1989 yılında aynı otele bu sefer misafir olarak geldiğinde kendisini selamlayan çam ağaçlarını görür ve duygulanır. “İşte ondan sonra Diyarbakır’da da çam ağacı ekilebileceği görüldü. Bugün Diyarbakır da batı illeri gibi çam ağaçlarıyla bürülüdür” diyor hatıralarında. 

Bir inadın öyküsüdür Musa Anter. Bu topraklarda boy vermez bu ağaçlar, fidan vermez, çiçek açmaz dedikleri ne varsa dört bir yana saçılmasının, serpilmesinin hikayesidir. 

Van’da, Ermeni kültürünün de mirasıyla, kavak ağaçlar meşhurdur dik çatılı evlerin önünde. İşte böyle bir evde dünyaya gelen Ruhi Su’nun ölüm yıldönümü de 20 Eylül’e rast gelir. Musa Anter ile aynı gün hayata veda ederler farklı zamanlarda. 

Ruhi Su’nun kurduğu Dostlar Korosu’nun derlediği türkülerden birinde Ağrı Dağı’ndan bir kuş uçar, çayır çimene konar. Kondukları yerde bir nice ağaç vardır artık ve çam ağaçlarının kokusu yayılır dört bucağa. Kar altında kış vakti pek bi’ nazlıdır her biri. 

Ağrı Dağı’ndan uçan kuşun ineceği çayırlardan birisidir Iğdır’ın allı yeşilli ovaları. Bugün, Iğdır’ın şehir merkezinde bir anıt ve anıtta Kürt tarihinin önemli isimleri yer alıyor. Faqiye Teyran, Ahmede Hani, Memed Uzun ve Musa Anter. 

Tarihin cilvesidir.
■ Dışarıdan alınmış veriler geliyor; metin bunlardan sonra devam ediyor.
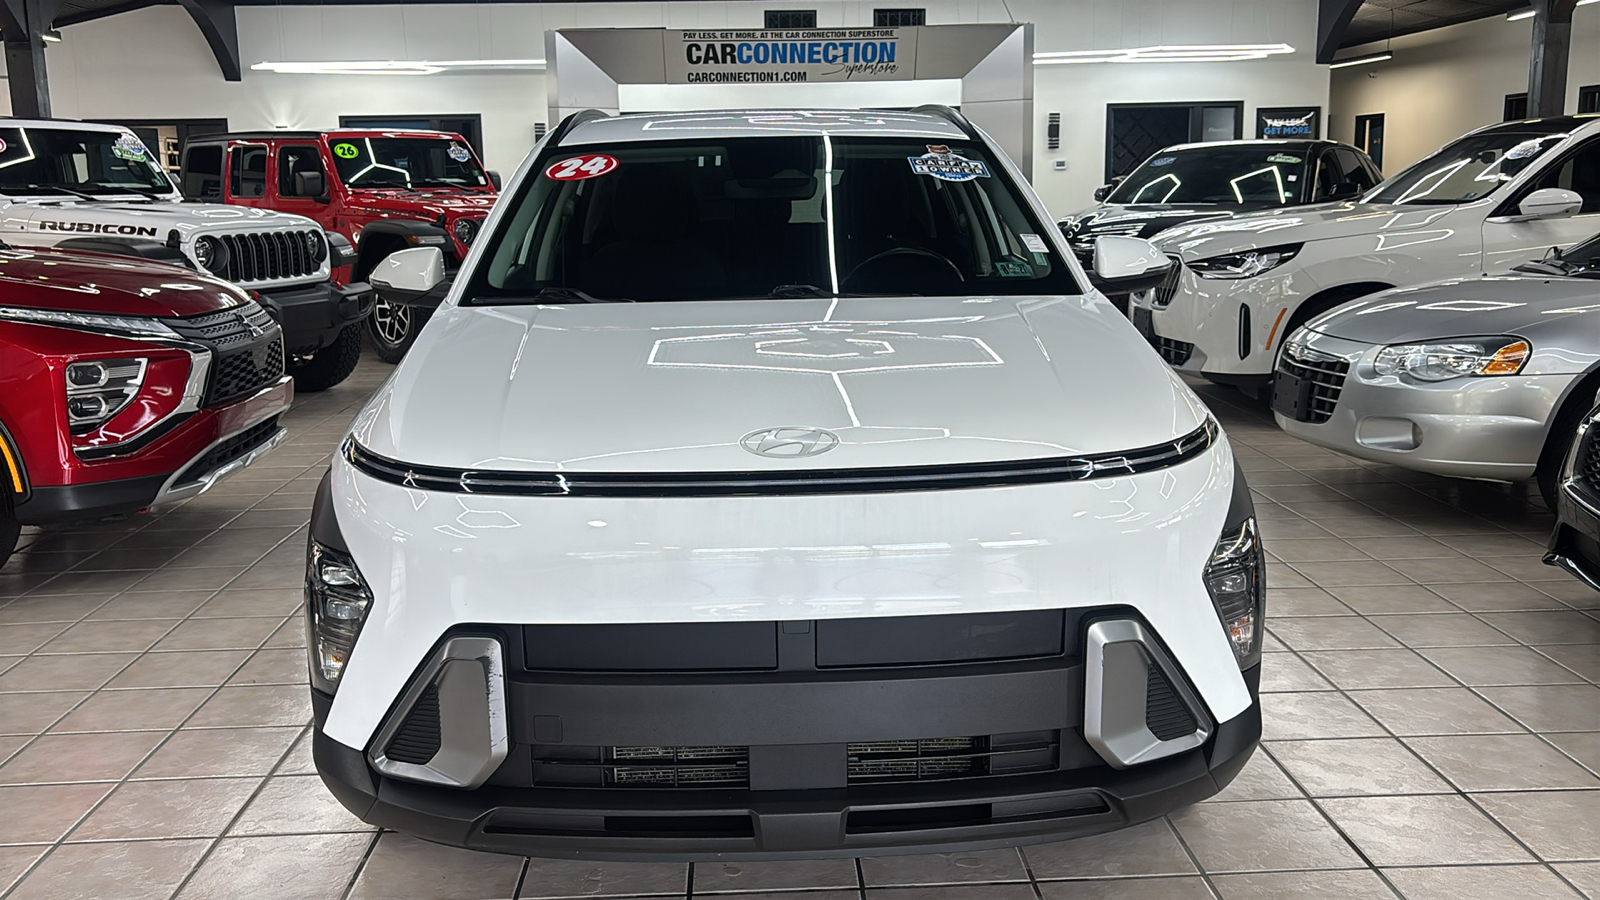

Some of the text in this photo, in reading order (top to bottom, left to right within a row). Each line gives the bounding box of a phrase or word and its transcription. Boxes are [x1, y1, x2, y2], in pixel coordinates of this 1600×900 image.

[770, 31, 784, 39] THE
[785, 31, 800, 39] CAR
[821, 54, 899, 79] Superstore
[687, 72, 807, 82] CARCONNECTION1.COM
[1264, 126, 1312, 135] GET MORE.
[339, 146, 355, 156] 26
[554, 156, 608, 178] 24
[915, 159, 981, 168] CARFAX
[39, 220, 157, 236] RUBICON
Yetiştirenler bilerek mi dikti bilmiyorum, sanmıyorum ama anıttaki Musa Anter büstünün yanı başında bir çam ağacı selam duruyor bugün. Yıllar önce “olmaz bundan bir şey, boşuna yoruyorsun kendini” dedikleri onlarca şeylerden biri olarak duruyor yanı başında. Öğle sıcağında serinletiyor Anter’i ve dostlarını. Bir nice inat yeşeriyor bugün. Olmaz denilen yerlerde.

Anter, onun inadı, Kürtçe çaldığı ıslık ve anlatmaya fırsat bulamadığı anılarıyla umudu, ilk göz ağrısı hatırlarda hâlâ.

Katledenler karanlıklarında boğulurken, her sabah gün doğumunda çam ağaçlarının kokusu yayılıyor dört bir yana.